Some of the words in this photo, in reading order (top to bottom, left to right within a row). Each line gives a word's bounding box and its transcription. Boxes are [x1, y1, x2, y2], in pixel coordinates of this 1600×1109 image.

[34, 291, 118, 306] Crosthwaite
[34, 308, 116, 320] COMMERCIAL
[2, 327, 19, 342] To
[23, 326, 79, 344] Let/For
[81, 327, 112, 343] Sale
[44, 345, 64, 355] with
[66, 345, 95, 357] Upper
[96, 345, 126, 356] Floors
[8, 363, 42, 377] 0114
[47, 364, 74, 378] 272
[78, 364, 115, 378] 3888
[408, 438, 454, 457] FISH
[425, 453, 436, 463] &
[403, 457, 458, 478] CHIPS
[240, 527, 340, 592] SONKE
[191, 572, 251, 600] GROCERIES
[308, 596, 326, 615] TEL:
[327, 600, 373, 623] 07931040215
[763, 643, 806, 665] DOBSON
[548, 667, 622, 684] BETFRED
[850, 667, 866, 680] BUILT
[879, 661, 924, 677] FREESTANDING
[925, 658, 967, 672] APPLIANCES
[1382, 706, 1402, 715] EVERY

::::

**Exercise goal:** Output all of the data again, exactly.

**Exercise response:**
Some of the words in this photo, in reading order (top to bottom, left to right within a row). Each line gives a word's bounding box and its transcription. Boxes are [x1, y1, x2, y2], in pixel coordinates of this 1600×1109 image.

[34, 291, 118, 306] Crosthwaite
[34, 308, 116, 320] COMMERCIAL
[2, 327, 19, 342] To
[23, 326, 79, 344] Let/For
[81, 327, 112, 343] Sale
[44, 345, 64, 355] with
[66, 345, 95, 357] Upper
[96, 345, 126, 356] Floors
[8, 363, 42, 377] 0114
[47, 364, 74, 378] 272
[78, 364, 115, 378] 3888
[408, 438, 454, 457] FISH
[425, 453, 436, 463] &
[403, 457, 458, 478] CHIPS
[240, 527, 340, 592] SONKE
[191, 572, 251, 600] GROCERIES
[308, 596, 326, 615] TEL:
[327, 600, 373, 623] 07931040215
[763, 643, 806, 665] DOBSON
[548, 667, 622, 684] BETFRED
[850, 667, 866, 680] BUILT
[879, 661, 924, 677] FREESTANDING
[925, 658, 967, 672] APPLIANCES
[1382, 706, 1402, 715] EVERY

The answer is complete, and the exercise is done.